A recent post on this blog reminded readers that Rhode Island law allows employers to put noncompetition clauses into their employment contracts. These agreements might prevent an employee from being able to work in his or her profession or trade after he or she leaves his or her current place of work.
This sort of situation can be very frustrating because it puts an employee in a dilemma. On the one hand, they probably need to keep working after they leave their current position, and the best way to earn a good salary at the next job is to continue working in an area in which one has knowledge and experience. On the other hand, doing so in the face of a noncompetition agreement exposes the employer, and his or her new employer, to the possibility of getting sued.
While our law office cannot undo a perfectly valid noncompetition agreement, there are a couple areas in which we can help an employee avoid getting into a serious legal and financial bind.
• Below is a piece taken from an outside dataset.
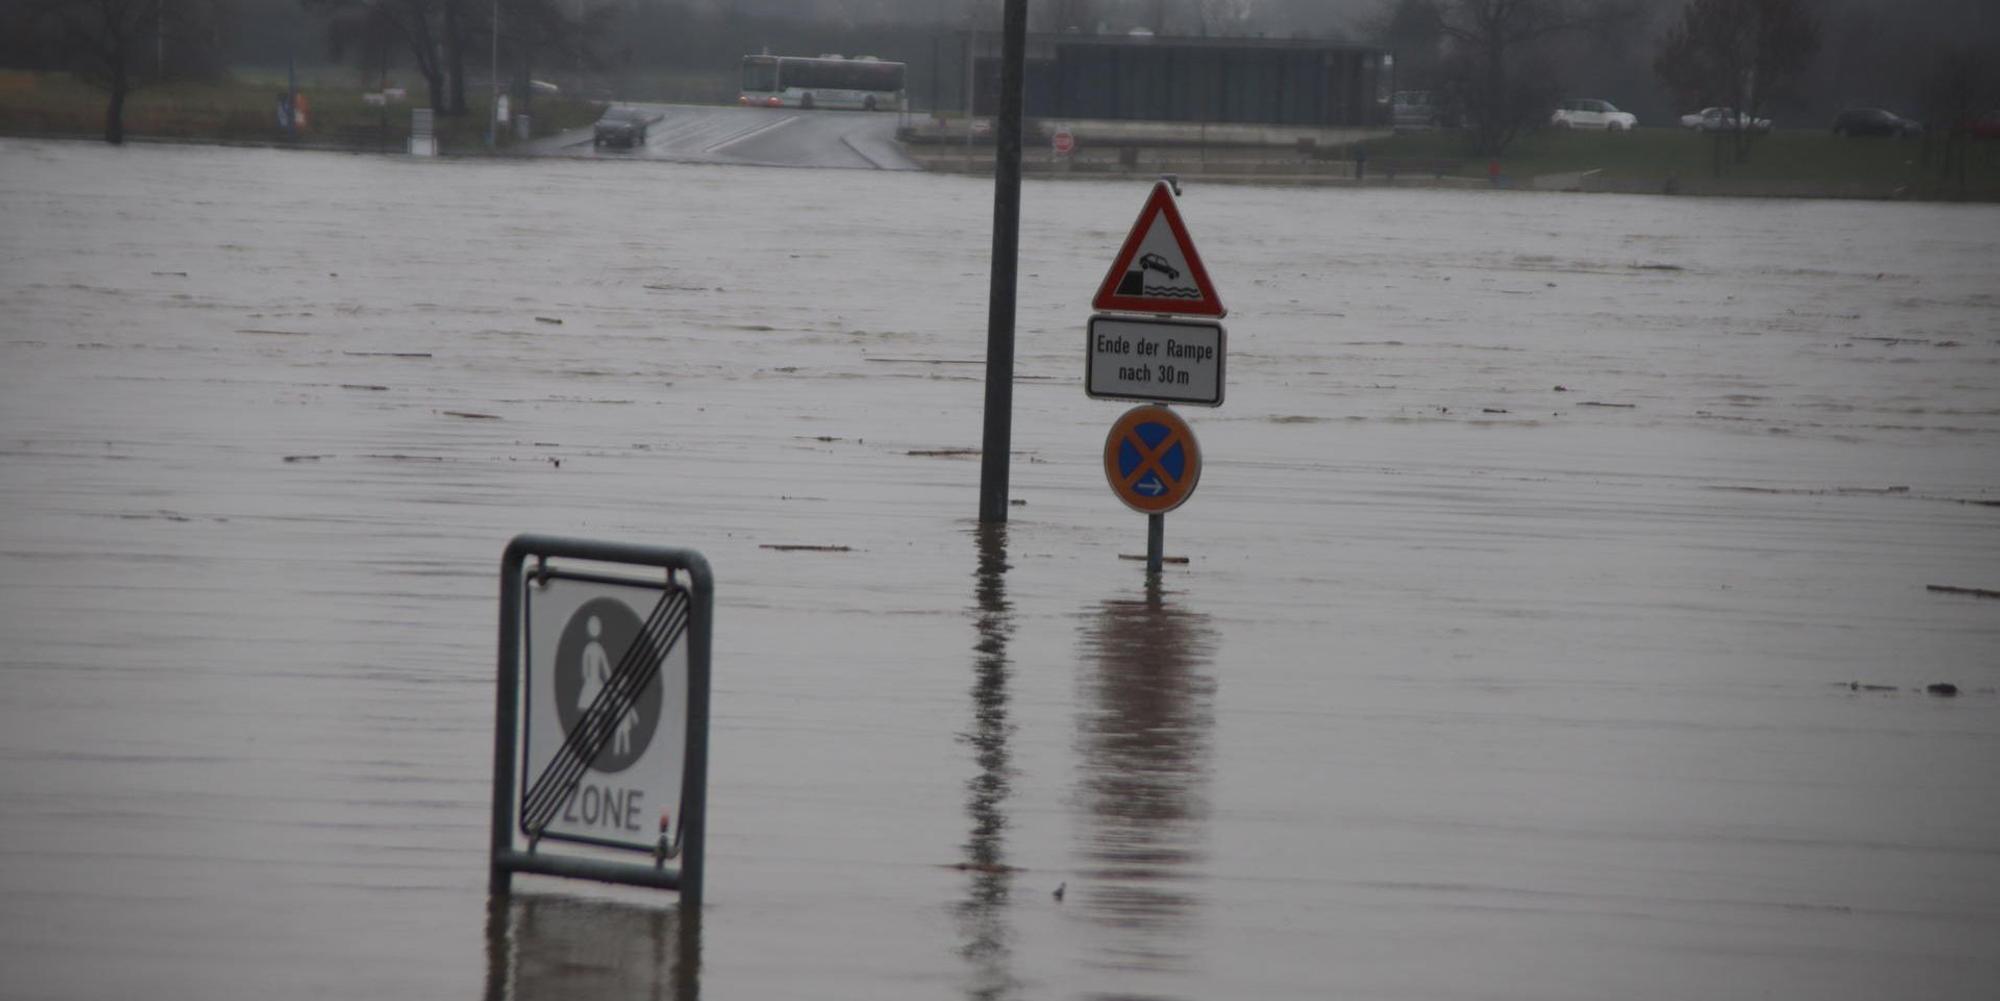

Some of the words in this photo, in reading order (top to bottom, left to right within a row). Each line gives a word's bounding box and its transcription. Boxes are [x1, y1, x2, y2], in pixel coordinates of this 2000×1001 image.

For one, we represent employees who are contemplating signing an employment contract or are in the process of negotiating a separation agreement.
In addition to giving our clients sound advice, we can also negotiate assertively in order to get more reasonable terms to a noncompetition clause, particularly if the terms as written overreach and most particularly if the employee is leaving his or her workplace and, for the first time, is being asked to sign an agreement with a noncompetition clause.
Under the right circumstances, we may also be able to help an employee fight a noncompetition clause in court should the terms of the clause be overly broad or unreasonable under Rhode Island law.
Our office works hard to fight against noncompetition agreements that are unfair to employees because we understand, and appreciate, how important it is for employees to be able to move on with their lives and keep earning a living.